* _Task_
For this task, output every entry below exactly and omit the pictures.
::: The records :::
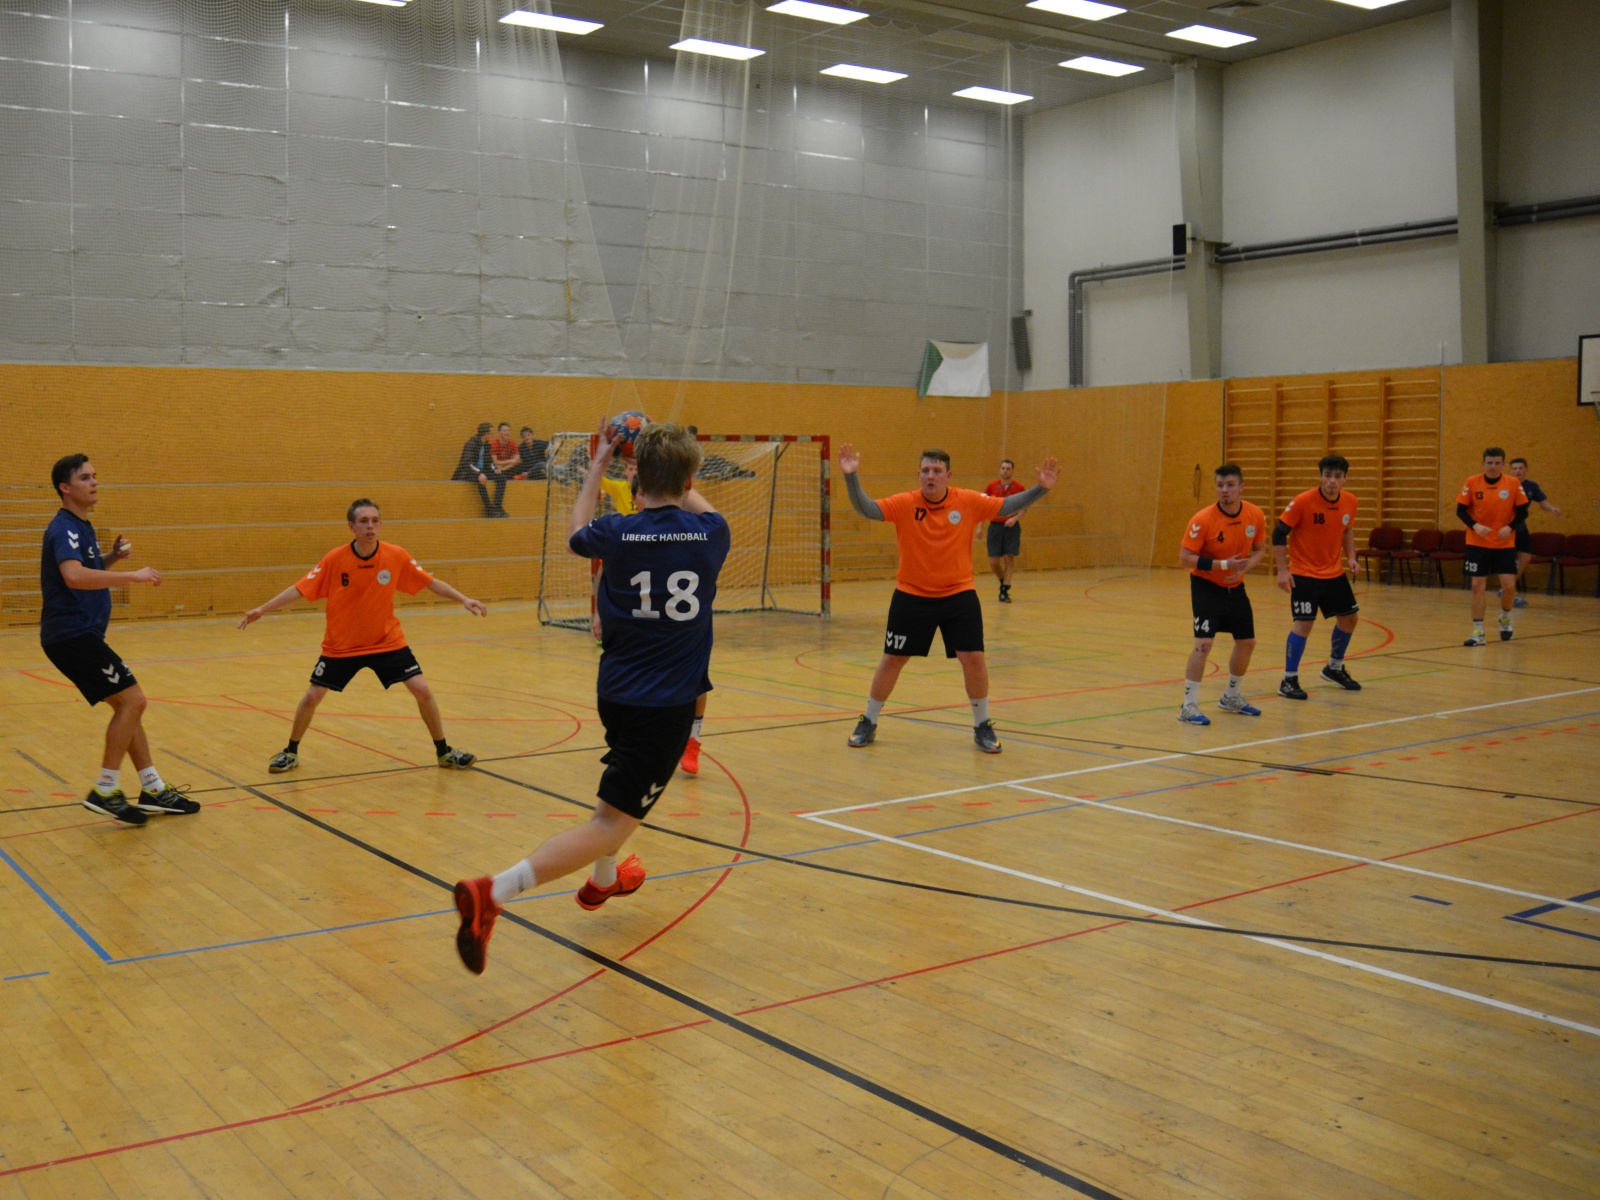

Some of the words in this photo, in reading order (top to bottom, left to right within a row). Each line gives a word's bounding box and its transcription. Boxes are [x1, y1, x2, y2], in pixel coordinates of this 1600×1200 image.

[914, 507, 927, 521] 17
[1313, 512, 1325, 525] 18
[621, 533, 657, 542] LIBEREC
[659, 532, 708, 542] HANDBALL
[1217, 530, 1225, 544] 4
[1469, 563, 1478, 572] 13
[341, 572, 349, 587] 6
[630, 570, 700, 621] 18
[1300, 602, 1312, 614] 18
[1200, 620, 1210, 633] 4
[893, 635, 907, 649] 17
[315, 661, 326, 677] 6
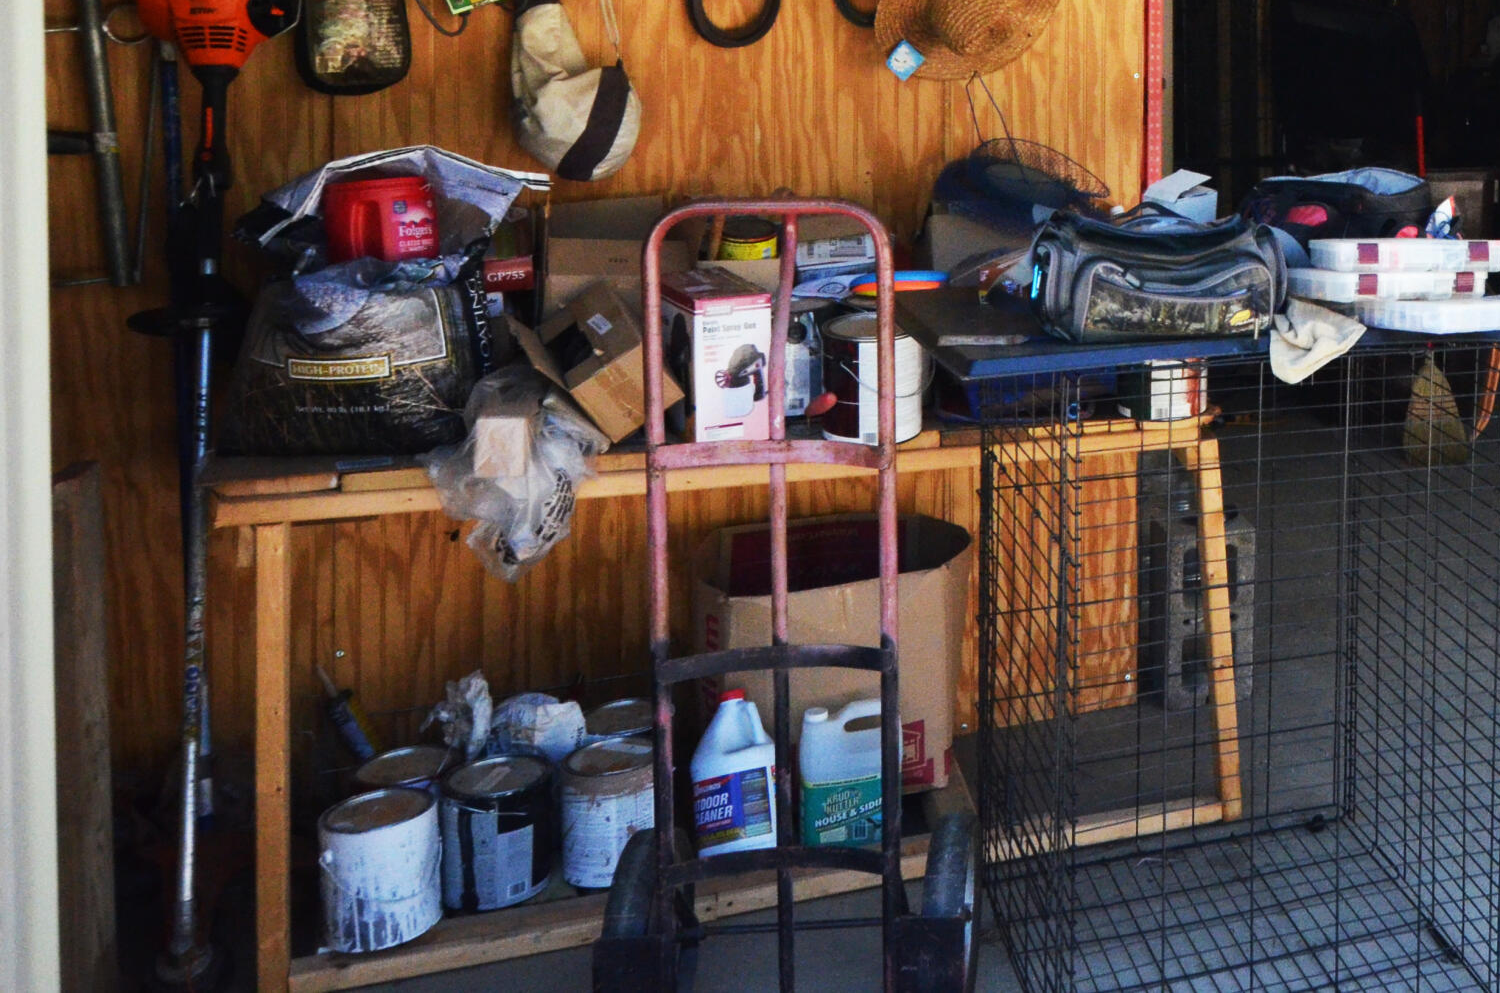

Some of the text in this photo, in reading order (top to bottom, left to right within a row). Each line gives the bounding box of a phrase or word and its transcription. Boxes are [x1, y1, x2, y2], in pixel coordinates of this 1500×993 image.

[486, 270, 526, 283] GP755
[814, 811, 848, 827] HOUSE
[859, 797, 882, 814] SIDI
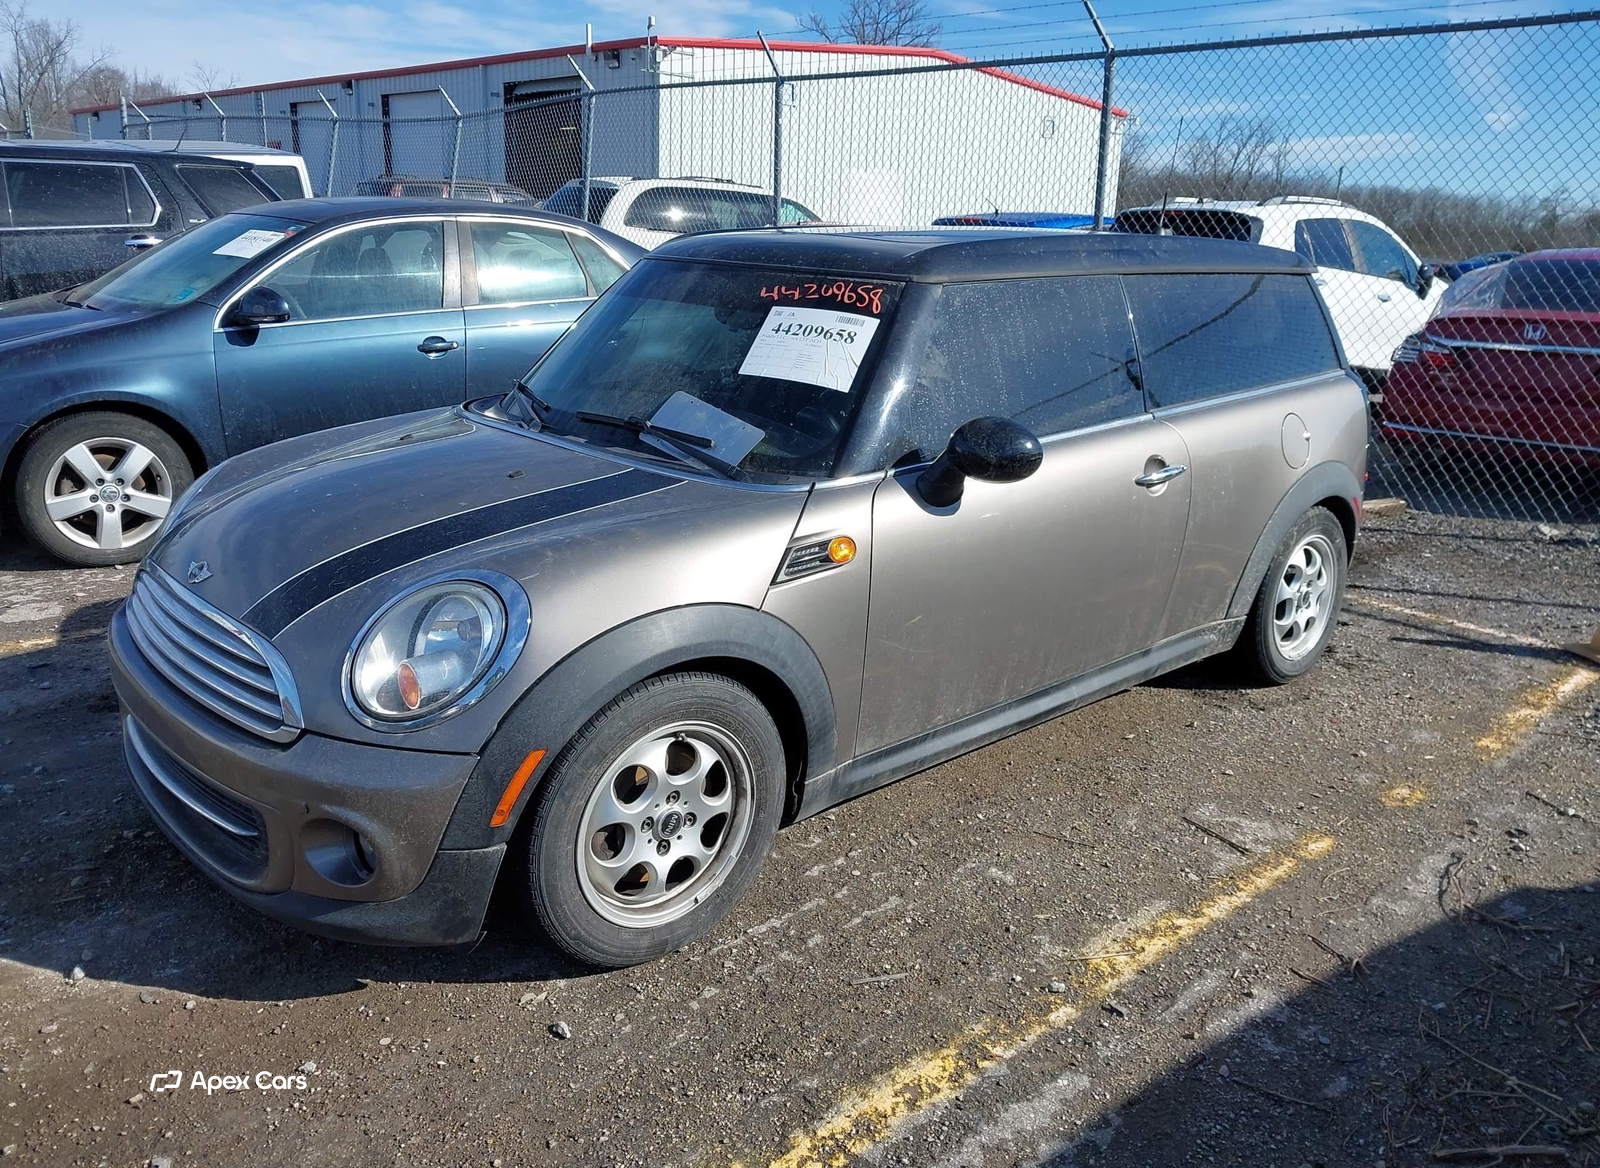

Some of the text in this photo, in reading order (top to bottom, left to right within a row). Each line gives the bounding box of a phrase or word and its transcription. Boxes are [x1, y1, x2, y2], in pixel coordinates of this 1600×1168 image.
:::
* _Result below_
Some of the words in this photo, in reading order (top to bottom, left to right within a row). Each line gives a word's bounding box and its transcription. Boxes are [x1, y1, x2, y2], in pixel coordinates of this 1600×1200 image.

[914, 507, 927, 521] 17
[1313, 512, 1325, 525] 18
[621, 533, 657, 542] LIBEREC
[659, 532, 708, 542] HANDBALL
[1217, 530, 1225, 544] 4
[1469, 563, 1478, 572] 13
[341, 572, 349, 587] 6
[630, 570, 700, 621] 18
[1300, 602, 1312, 614] 18
[1200, 620, 1210, 633] 4
[893, 635, 907, 649] 17
[315, 661, 326, 677] 6

Some of the text in this photo, in reading order (top to bottom, left to right within a row). Each line gives the bounding box of a phrase or word and its transcription. Boxes are [x1, y1, x2, y2], in pixel coordinates of this 1500×993 image.

[486, 270, 526, 283] GP755
[814, 811, 848, 827] HOUSE
[859, 797, 882, 814] SIDI

Some of the text in this photo, in reading order (top to bottom, left to right within a row). Each line gives the bounding box of a phrase or word and its transcription. Boxes are [x1, y1, x2, y2], in pixel coordinates of this 1600×1168 image.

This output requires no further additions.